→ **YOUR GOAL**: Restate the following records word for word without images.
^^^^^^^^^^^^^^^^
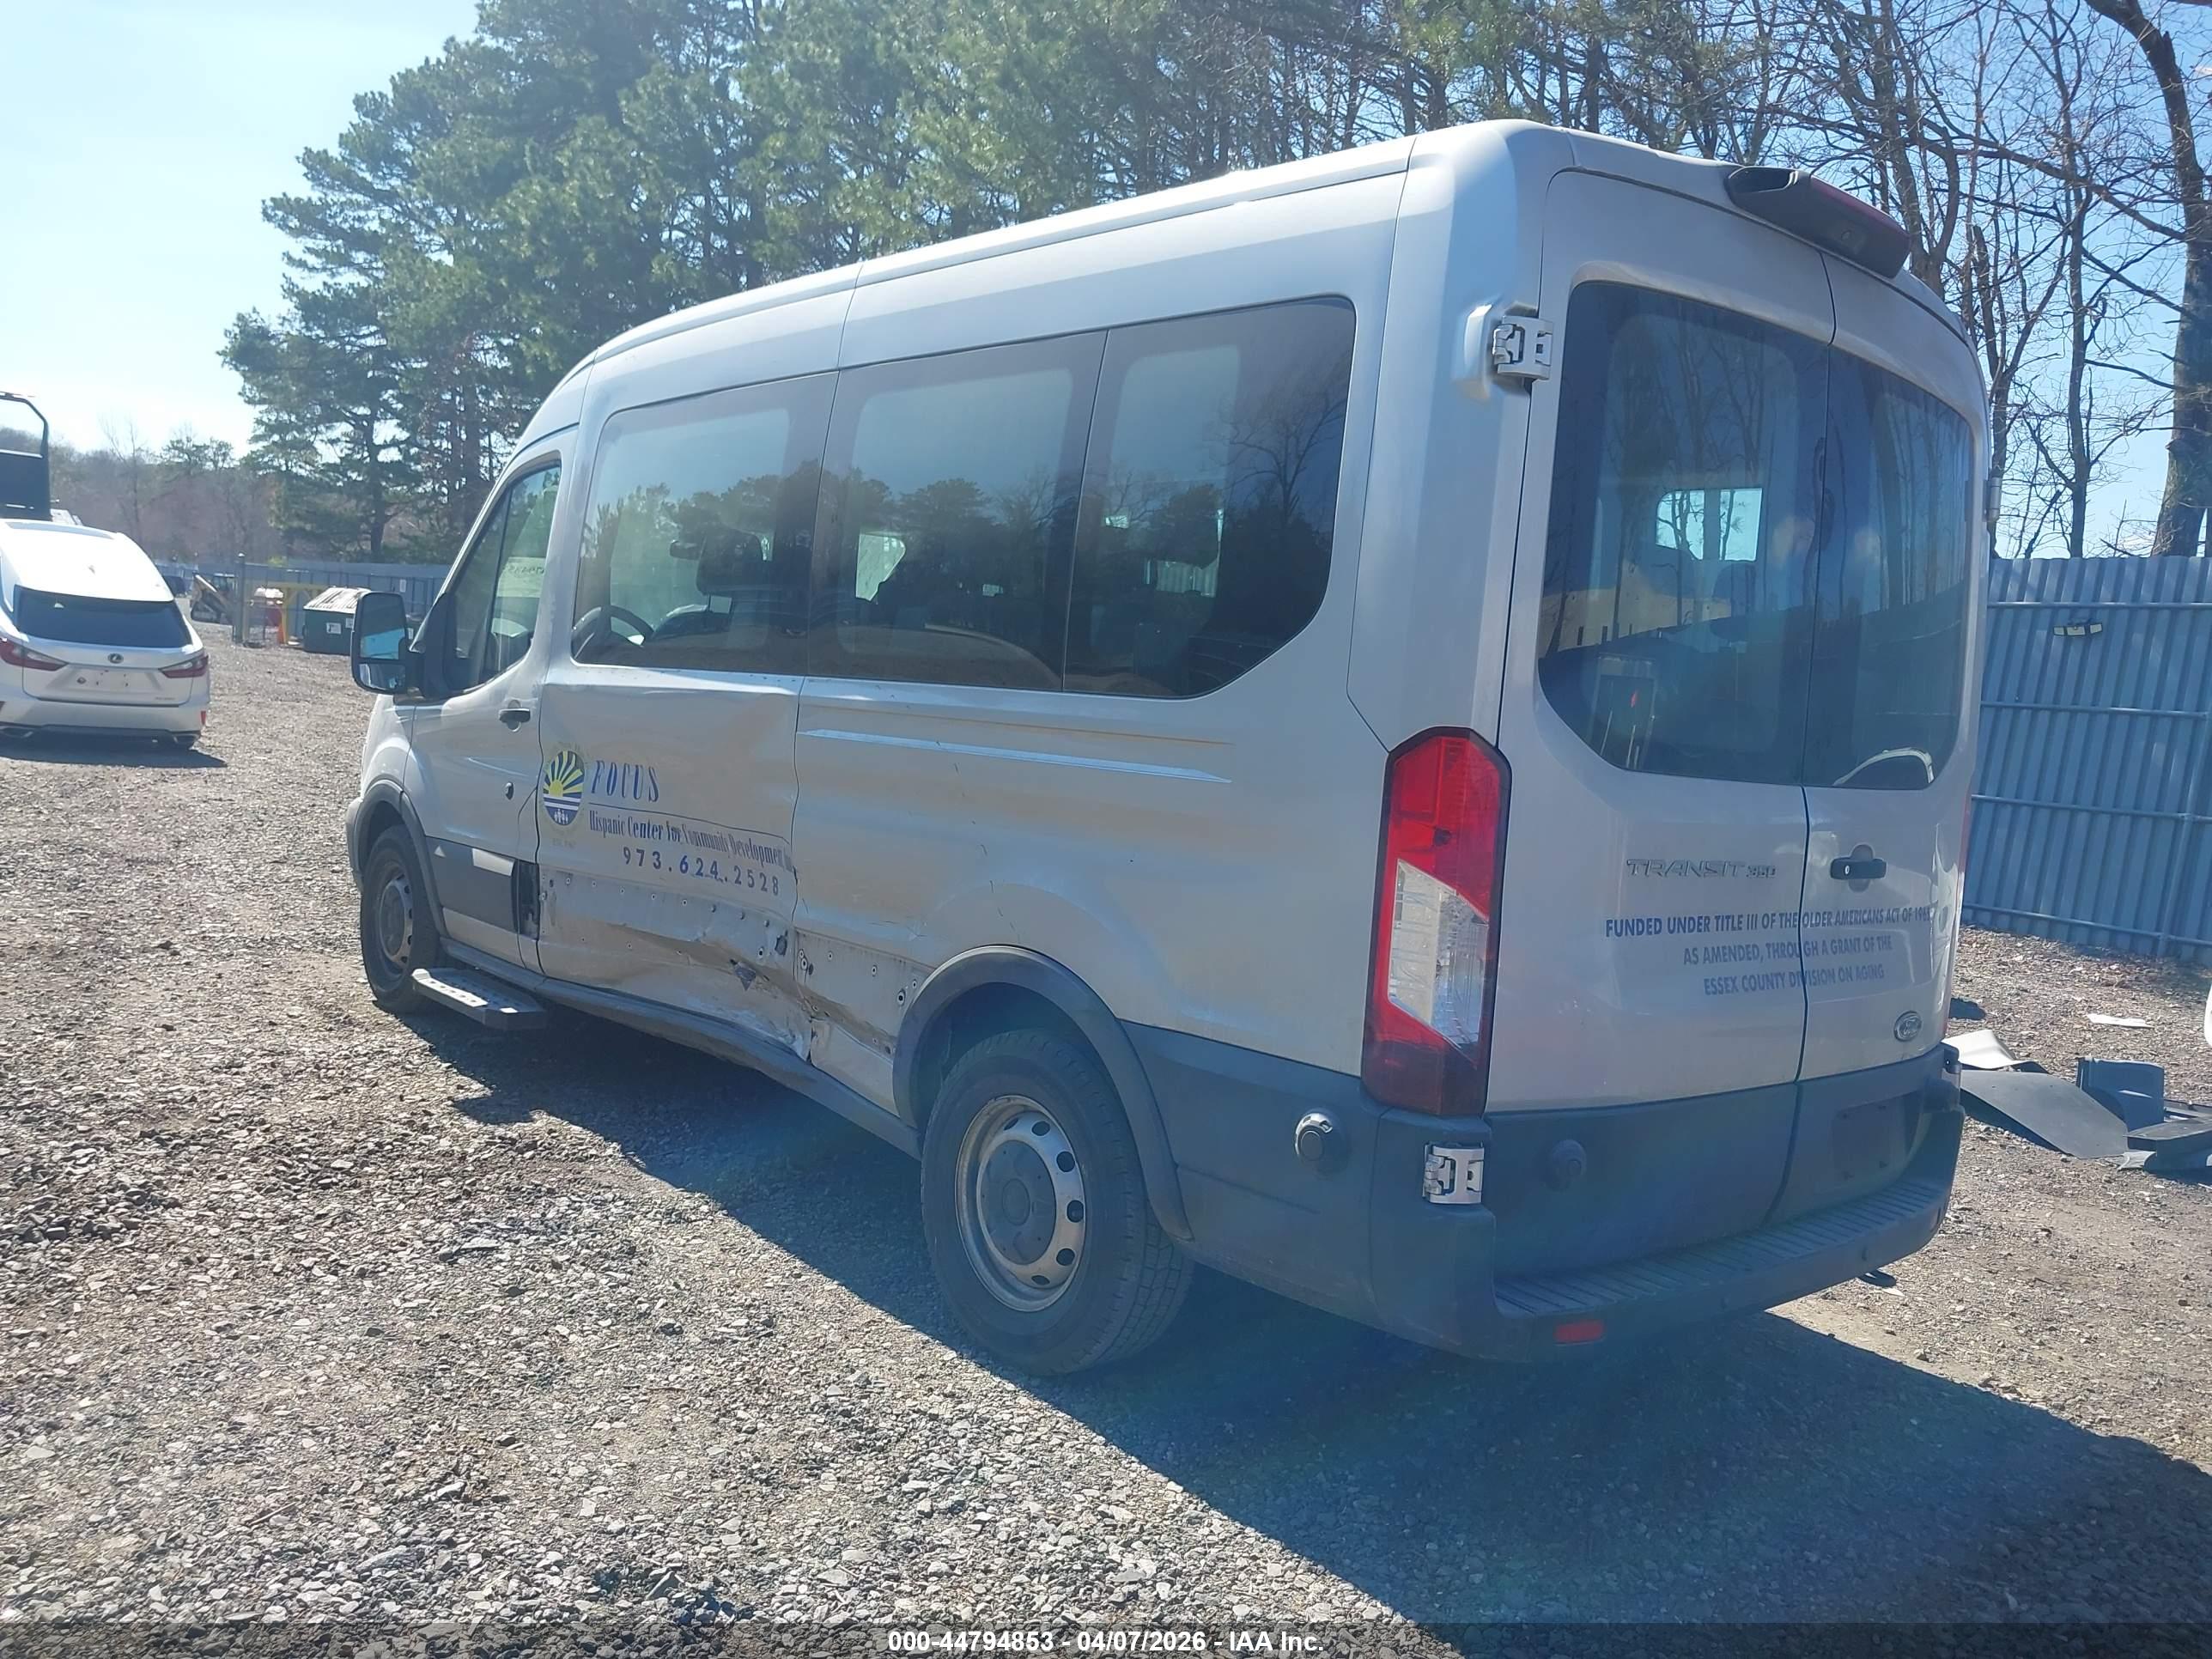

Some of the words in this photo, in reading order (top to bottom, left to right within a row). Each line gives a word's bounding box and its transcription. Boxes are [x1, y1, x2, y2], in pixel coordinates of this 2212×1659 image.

[591, 760, 659, 803] FOCUS
[589, 810, 626, 838] Hispanic
[628, 816, 664, 841] Center
[665, 820, 682, 842] for
[623, 846, 779, 896] 973.624.2528
[1626, 859, 1745, 878] TRANSIT
[1605, 917, 1662, 938] FUNDED
[1667, 915, 1711, 934] UNDER
[1714, 914, 1744, 933] TITLE
[1747, 913, 1759, 931] III
[1761, 913, 1777, 930] OF
[1778, 912, 1798, 929] THE
[1803, 910, 1832, 928] OLDER
[1834, 908, 1884, 927] AMERICANS
[1885, 908, 1900, 924] ACT
[1902, 907, 1913, 922] OF
[1683, 947, 1699, 966] AS
[1703, 944, 1764, 964] AMENDED,
[1765, 940, 1819, 960] THROUGH
[1821, 939, 1829, 956] A
[1830, 938, 1862, 955] GRANT
[1863, 936, 1875, 952] OF
[1875, 935, 1893, 951] THE
[1704, 975, 1740, 996] ESSEX
[1741, 971, 1785, 993] COUNTY
[1788, 967, 1836, 988] DIVISION
[1838, 966, 1853, 983] ON
[1855, 963, 1885, 981] AGING
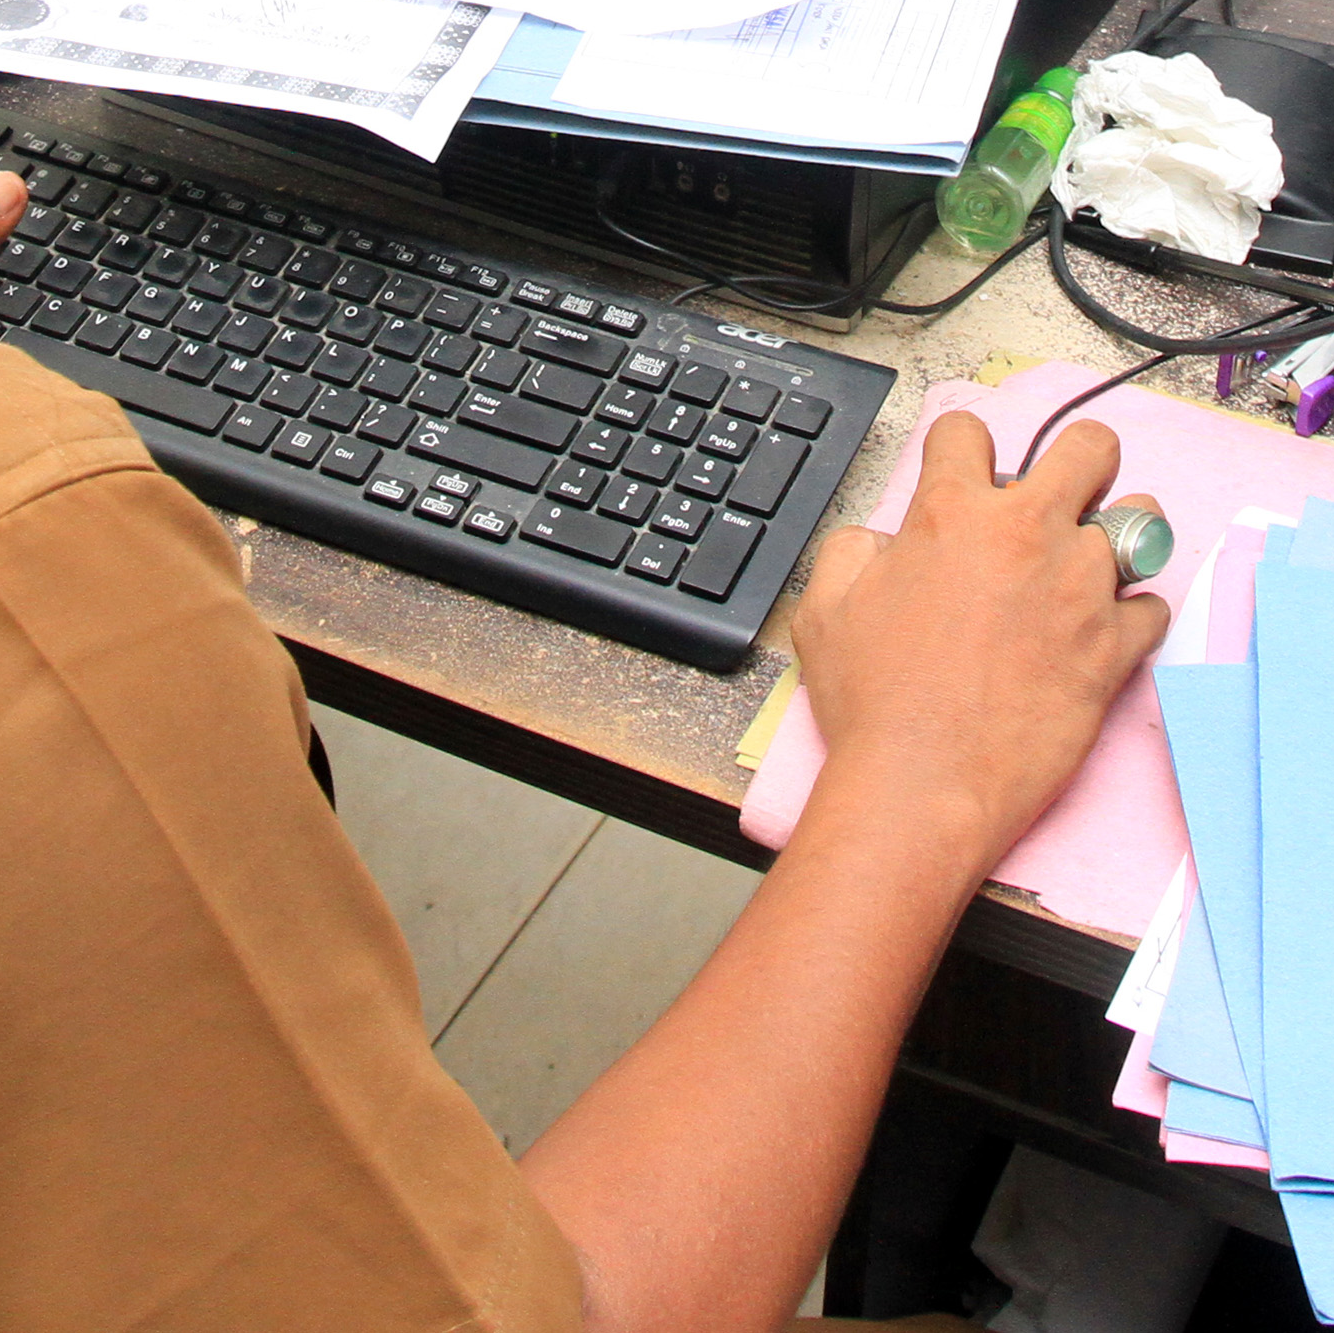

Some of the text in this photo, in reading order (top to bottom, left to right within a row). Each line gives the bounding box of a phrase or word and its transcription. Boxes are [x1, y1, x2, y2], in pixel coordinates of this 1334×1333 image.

[70, 194, 79, 202] 3
[31, 207, 47, 218] W
[72, 221, 85, 231] E
[116, 235, 129, 245] R
[12, 244, 24, 254] S
[163, 249, 174, 258] T
[55, 258, 67, 268] D
[429, 255, 448, 266] F11
[209, 263, 219, 272] Y
[292, 263, 301, 271] 8
[99, 272, 112, 281] F
[471, 266, 490, 279] F12
[252, 277, 265, 287] U
[4, 285, 18, 295] X
[145, 287, 157, 298] G
[519, 287, 547, 301] Break
[521, 282, 550, 297] Pause
[298, 291, 305, 300] I
[385, 291, 394, 300] 0
[49, 300, 61, 310] C
[189, 301, 203, 311] H
[345, 306, 358, 316] O
[605, 306, 637, 322] Delete
[96, 314, 107, 324] V
[236, 317, 247, 325] J
[391, 320, 404, 329] P
[138, 328, 151, 339] B
[282, 330, 296, 341] K
[538, 321, 589, 341] Backspace
[717, 323, 799, 349] acer
[184, 344, 199, 355] N
[329, 345, 337, 356] L
[231, 358, 247, 371] M
[632, 353, 667, 369] NumLk
[625, 390, 635, 399] 7
[473, 393, 501, 407] Enter
[605, 404, 633, 417] Home
[676, 406, 686, 415] 8
[237, 417, 252, 426] Alt
[727, 422, 737, 431] 9
[426, 421, 449, 433] Shift
[601, 429, 610, 438] 4
[709, 435, 736, 449] PgUp
[335, 449, 354, 459] Ctrl
[652, 444, 662, 454] 5
[704, 460, 714, 470] 6
[579, 468, 585, 477] 1
[560, 482, 581, 494] End
[627, 484, 638, 494] 2
[680, 501, 691, 511] 3
[551, 508, 561, 518] 0
[661, 515, 689, 529] PgDn
[723, 512, 751, 527] Enter
[537, 524, 552, 534] Ins
[642, 557, 661, 569] Del
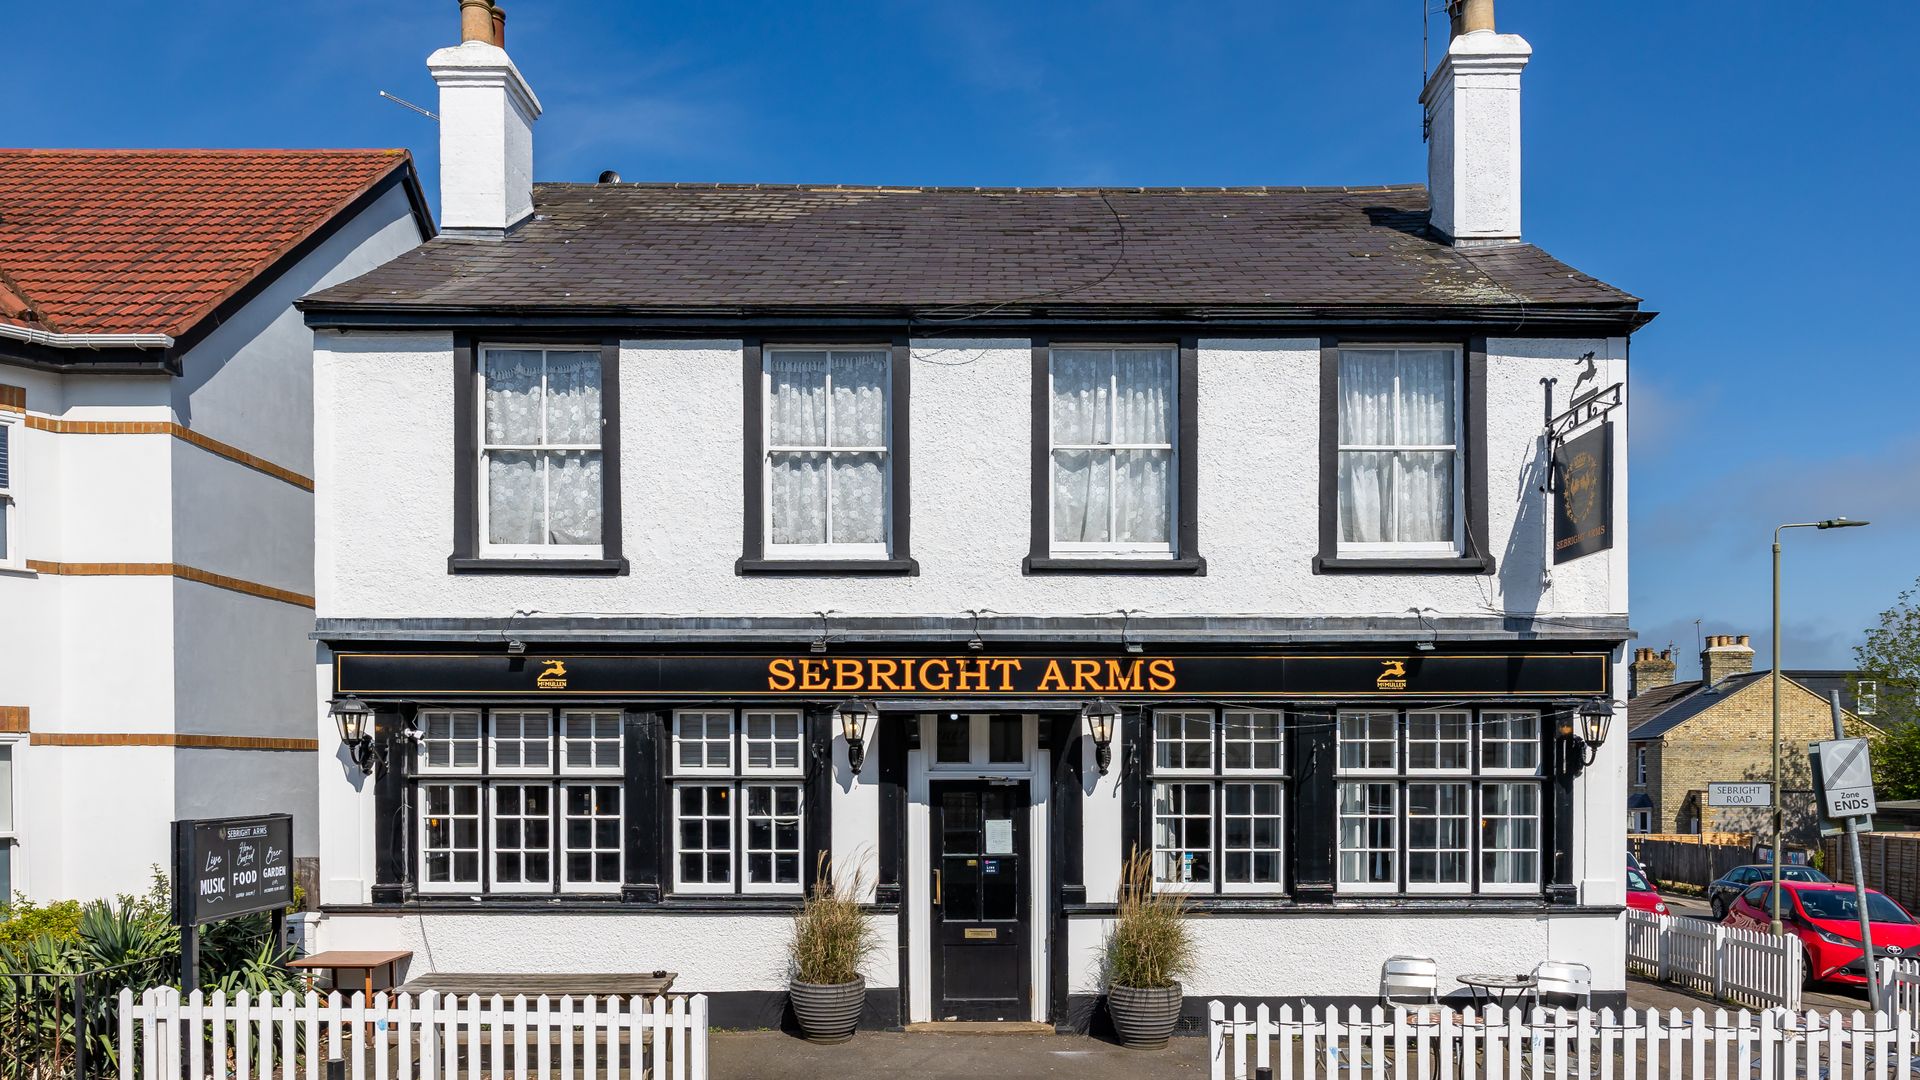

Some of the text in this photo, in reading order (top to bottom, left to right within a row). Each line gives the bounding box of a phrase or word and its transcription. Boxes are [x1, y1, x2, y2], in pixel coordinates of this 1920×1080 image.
^^^^^^^^^^^^^^^^
→ **EXPECTED OUTPUT**:
Some of the words in this photo, in reading order (top to bottom, left to right within a row). Each line gives a word's bounding box and its transcription. Boxes are [x1, y1, x2, y2], in pixel coordinates of this 2212×1659 image.

[591, 760, 659, 803] FOCUS
[589, 810, 626, 838] Hispanic
[628, 816, 664, 841] Center
[665, 820, 682, 842] for
[623, 846, 779, 896] 973.624.2528
[1626, 859, 1745, 878] TRANSIT
[1605, 917, 1662, 938] FUNDED
[1667, 915, 1711, 934] UNDER
[1714, 914, 1744, 933] TITLE
[1747, 913, 1759, 931] III
[1761, 913, 1777, 930] OF
[1778, 912, 1798, 929] THE
[1803, 910, 1832, 928] OLDER
[1834, 908, 1884, 927] AMERICANS
[1885, 908, 1900, 924] ACT
[1902, 907, 1913, 922] OF
[1683, 947, 1699, 966] AS
[1703, 944, 1764, 964] AMENDED,
[1765, 940, 1819, 960] THROUGH
[1821, 939, 1829, 956] A
[1830, 938, 1862, 955] GRANT
[1863, 936, 1875, 952] OF
[1875, 935, 1893, 951] THE
[1704, 975, 1740, 996] ESSEX
[1741, 971, 1785, 993] COUNTY
[1788, 967, 1836, 988] DIVISION
[1838, 966, 1853, 983] ON
[1855, 963, 1885, 981] AGING

Some of the text in this photo, in reading order (top to bottom, left to right within a row). Each line gives the bounding box of a phrase or word and its transcription. Boxes are [x1, y1, x2, y2], in pixel coordinates of this 1334×1333 image.

[70, 194, 79, 202] 3
[31, 207, 47, 218] W
[72, 221, 85, 231] E
[116, 235, 129, 245] R
[12, 244, 24, 254] S
[163, 249, 174, 258] T
[55, 258, 67, 268] D
[429, 255, 448, 266] F11
[209, 263, 219, 272] Y
[292, 263, 301, 271] 8
[99, 272, 112, 281] F
[471, 266, 490, 279] F12
[252, 277, 265, 287] U
[4, 285, 18, 295] X
[145, 287, 157, 298] G
[519, 287, 547, 301] Break
[521, 282, 550, 297] Pause
[298, 291, 305, 300] I
[385, 291, 394, 300] 0
[49, 300, 61, 310] C
[189, 301, 203, 311] H
[345, 306, 358, 316] O
[605, 306, 637, 322] Delete
[96, 314, 107, 324] V
[236, 317, 247, 325] J
[391, 320, 404, 329] P
[138, 328, 151, 339] B
[282, 330, 296, 341] K
[538, 321, 589, 341] Backspace
[717, 323, 799, 349] acer
[184, 344, 199, 355] N
[329, 345, 337, 356] L
[231, 358, 247, 371] M
[632, 353, 667, 369] NumLk
[625, 390, 635, 399] 7
[473, 393, 501, 407] Enter
[605, 404, 633, 417] Home
[676, 406, 686, 415] 8
[237, 417, 252, 426] Alt
[727, 422, 737, 431] 9
[426, 421, 449, 433] Shift
[601, 429, 610, 438] 4
[709, 435, 736, 449] PgUp
[335, 449, 354, 459] Ctrl
[652, 444, 662, 454] 5
[704, 460, 714, 470] 6
[579, 468, 585, 477] 1
[560, 482, 581, 494] End
[627, 484, 638, 494] 2
[680, 501, 691, 511] 3
[551, 508, 561, 518] 0
[661, 515, 689, 529] PgDn
[723, 512, 751, 527] Enter
[537, 524, 552, 534] Ins
[642, 557, 661, 569] Del

Some of the text in this photo, in reading order (top to bottom, left to right within a row). Each line gives the bounding box of a phrase or word and its transcription. Boxes are [x1, y1, x2, y2], in pixel coordinates of this 1920×1080 image.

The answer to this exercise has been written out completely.